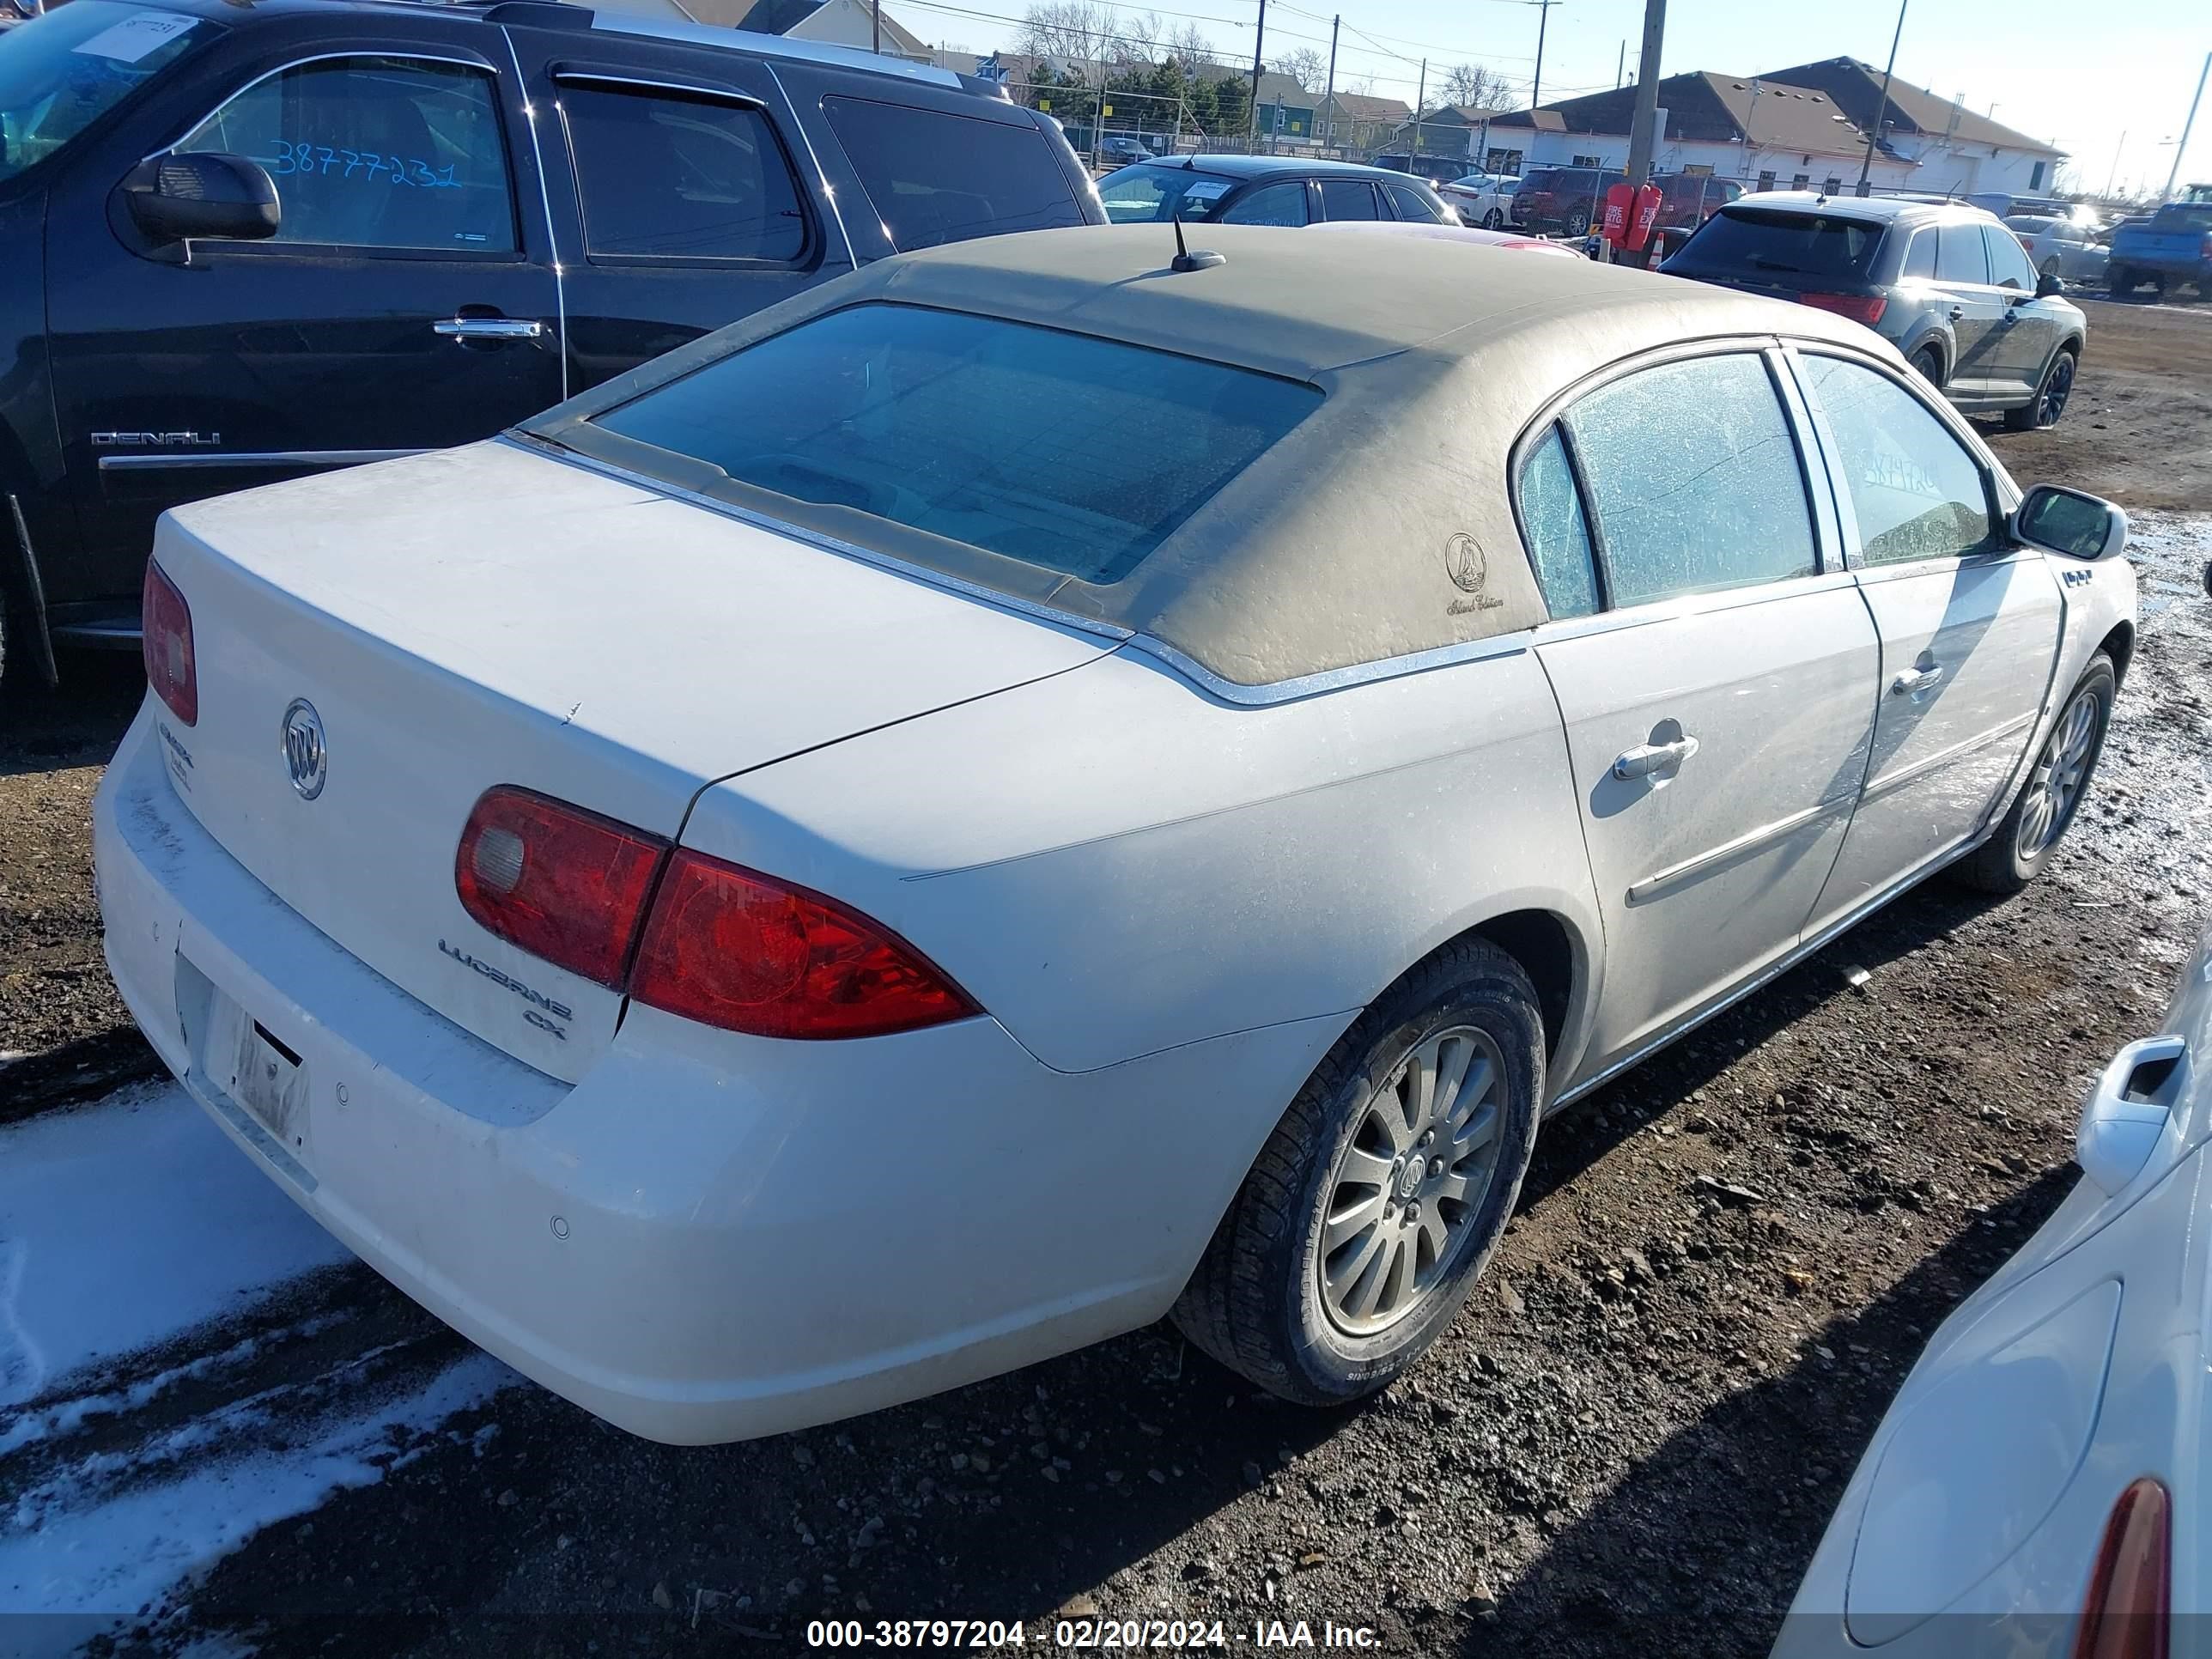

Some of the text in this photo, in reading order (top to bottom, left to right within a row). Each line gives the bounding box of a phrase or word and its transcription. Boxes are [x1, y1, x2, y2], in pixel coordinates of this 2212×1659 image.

[270, 139, 463, 188] 38777231
[1608, 205, 1624, 216] FIRE
[90, 432, 221, 446] DENALI
[438, 938, 574, 1022] LUCERNE
[522, 1010, 567, 1042] CX
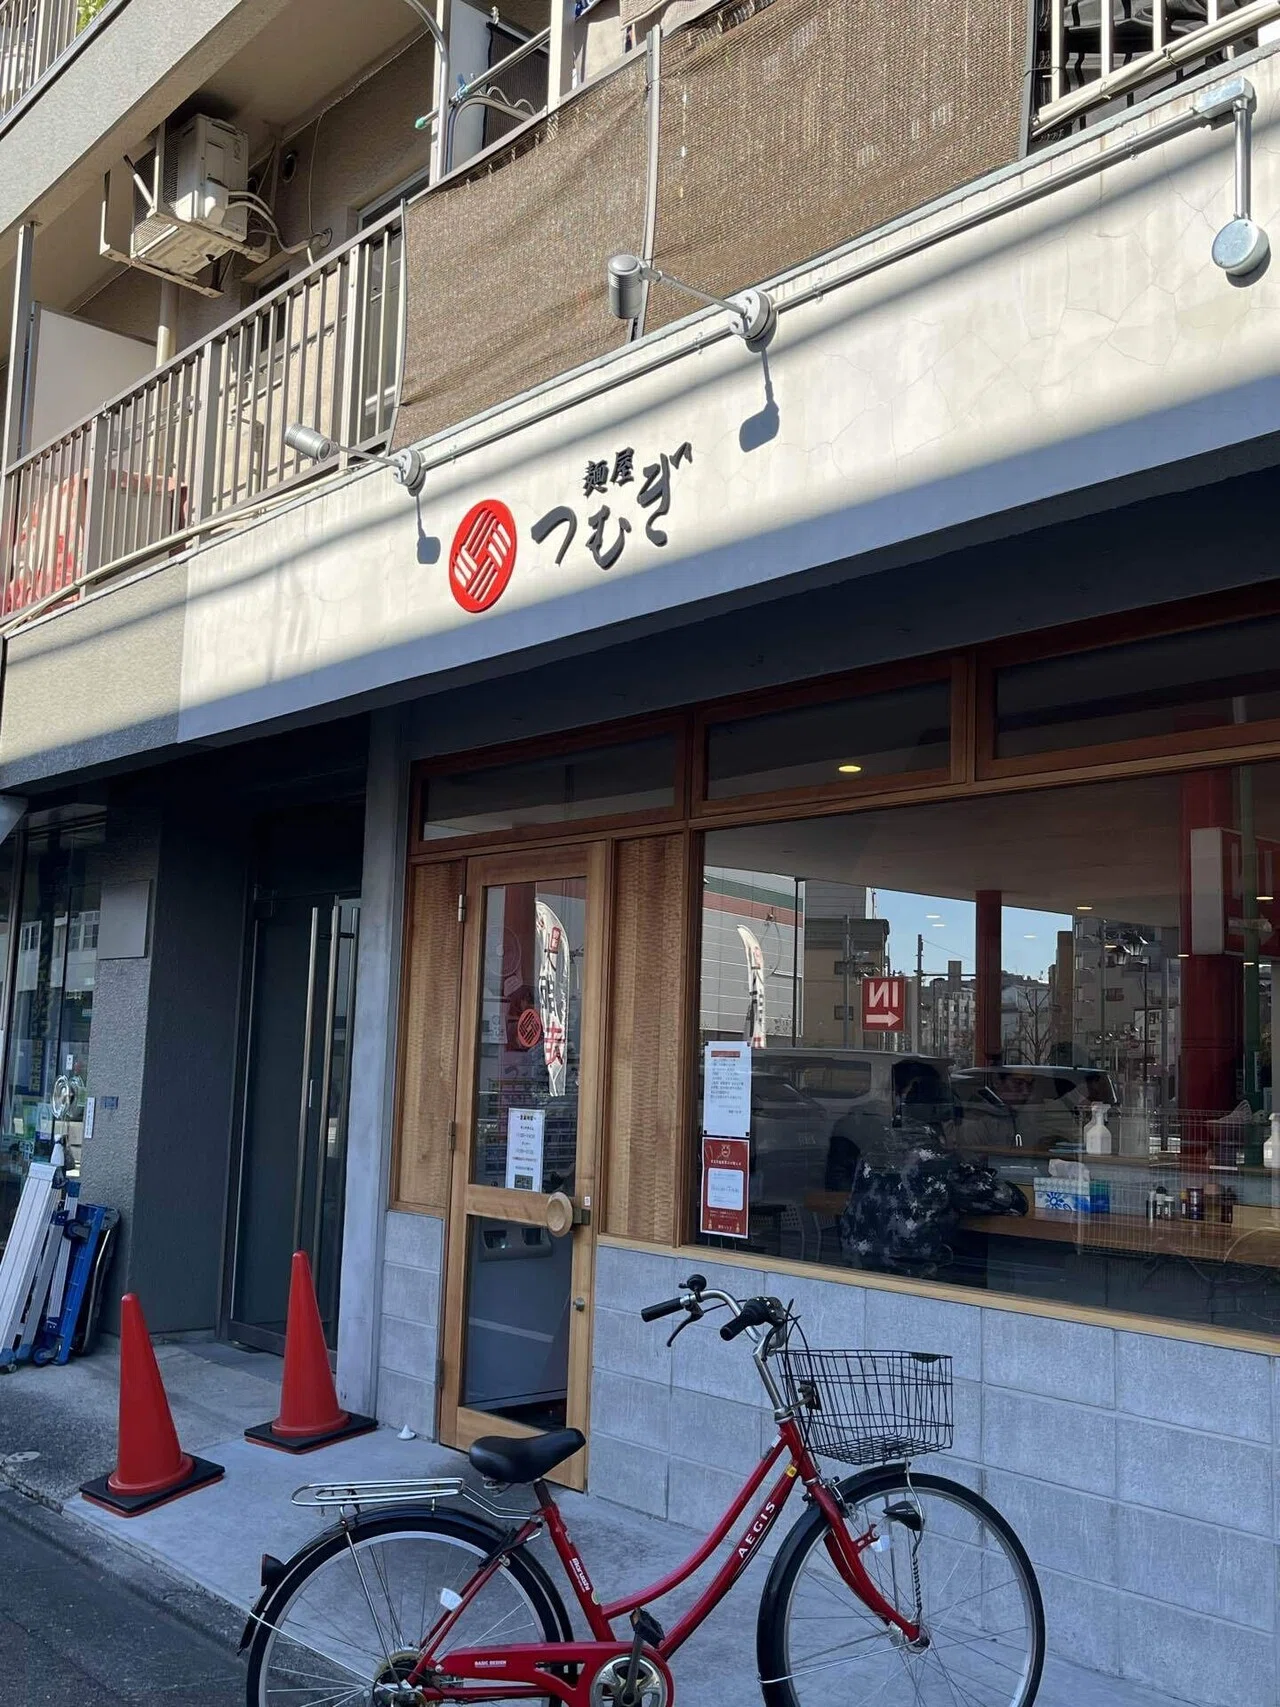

-----

### Work instructions
Pictures in the records above are to be left out of an otherwise exact copy.

### Your solution
Some of the text in this photo, in reading order (top to bottom, left to right within a row). Each line gives the bounding box of a phrase or word and its transcription. Boxes are [x1, y1, x2, y2], in pixel coordinates of this 2212×1659 image.

[270, 139, 463, 188] 38777231
[1608, 205, 1624, 216] FIRE
[90, 432, 221, 446] DENALI
[438, 938, 574, 1022] LUCERNE
[522, 1010, 567, 1042] CX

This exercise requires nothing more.